I'm still not sure if this is for sure.. you know?

Maybe it's not... you know what I mean?

I need time, but I don't want to take too long, because if I do and then it does turn out to be for certain, it's time that I would have lost and won't get back... This is really tough.. Does anyone have any suggestions on what I should do?

I would also like to come out to my my mom (she seemed to take it better), but I want to be sure... for sure..

Emma,

Your story sounds a lot like mine, I did and still do in many ways fit the male streotype. I ride downhill bikes, love working on cars all sorts of things thought of as being "male" activities. Like you I noticed something was a little off in my early teen years, I started trying on my sisters clothes and found myself feeling much comfier in them than I did my own. Didn't really think anything much of it until I got into my twenties when I really started to realize that there was just something "off" about me.
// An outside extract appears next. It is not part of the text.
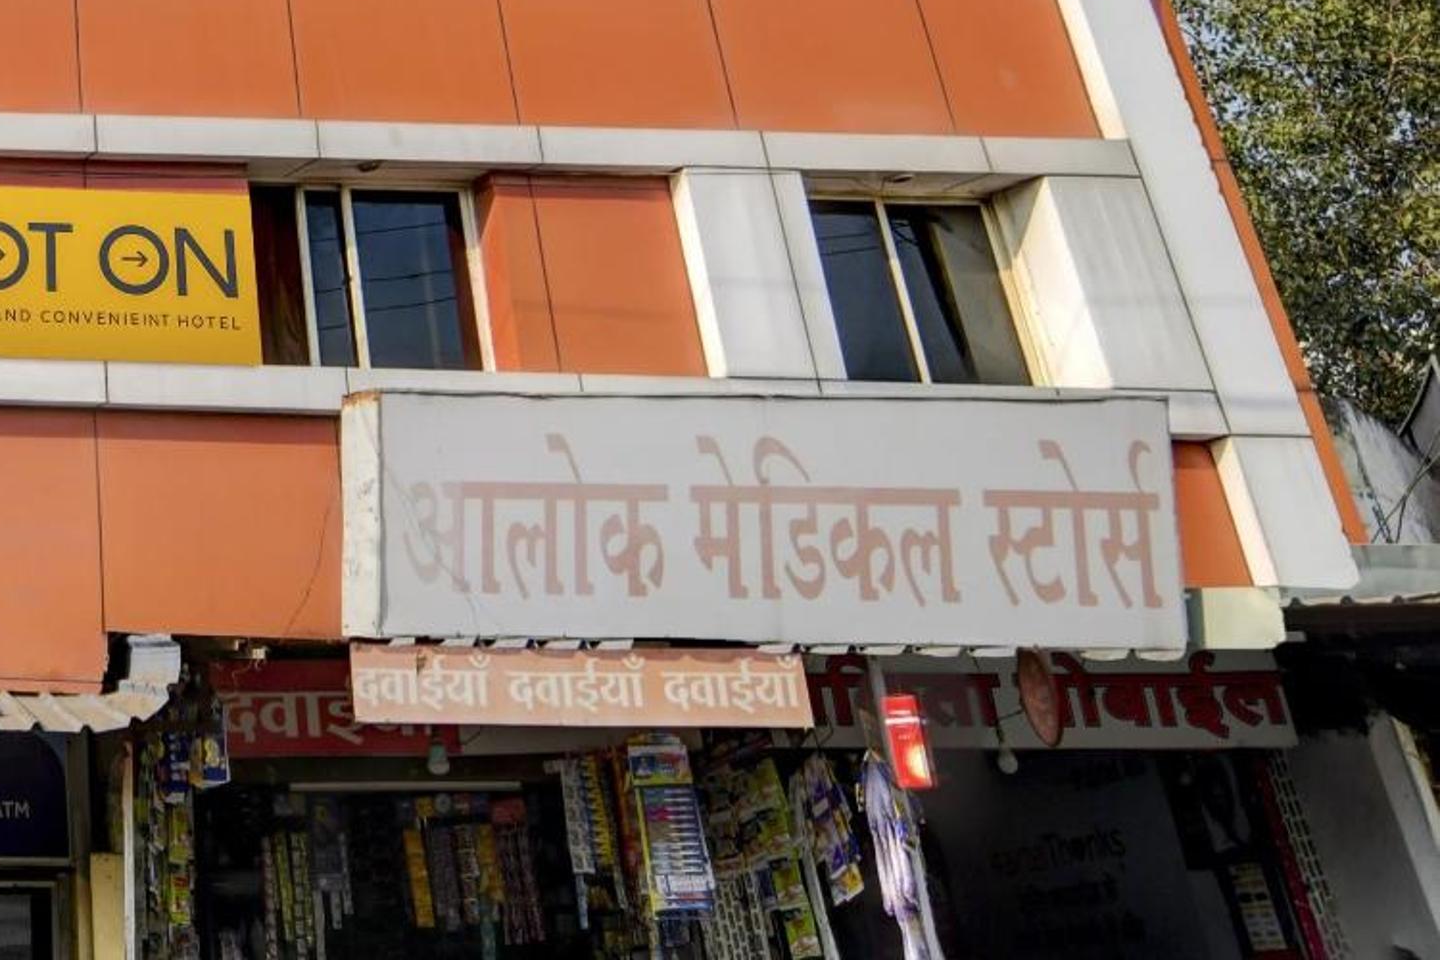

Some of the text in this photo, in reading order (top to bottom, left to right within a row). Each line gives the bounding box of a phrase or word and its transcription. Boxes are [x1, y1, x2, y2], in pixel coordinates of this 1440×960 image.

[99, 224, 240, 299] ON
[177, 314, 241, 331] HOTEL
[403, 433, 1162, 610] आलोक मेडिकल स्टोर्स
My advice to you would be to take things slowly and don't rush into anything. I know you feel like precious time is wasting, I felt the same way about 2 years ago and tried to just rush into transitioning. I ended up getting scared by everything happening so quickly and ran away from it all for a little under a year, something I really regret doing now. So take it easy, don't rush anything and make sure you focus on the healing the rest of you along with your gender issues. Most importantly find a good therapist who you are comfortable with to help guide you through everything.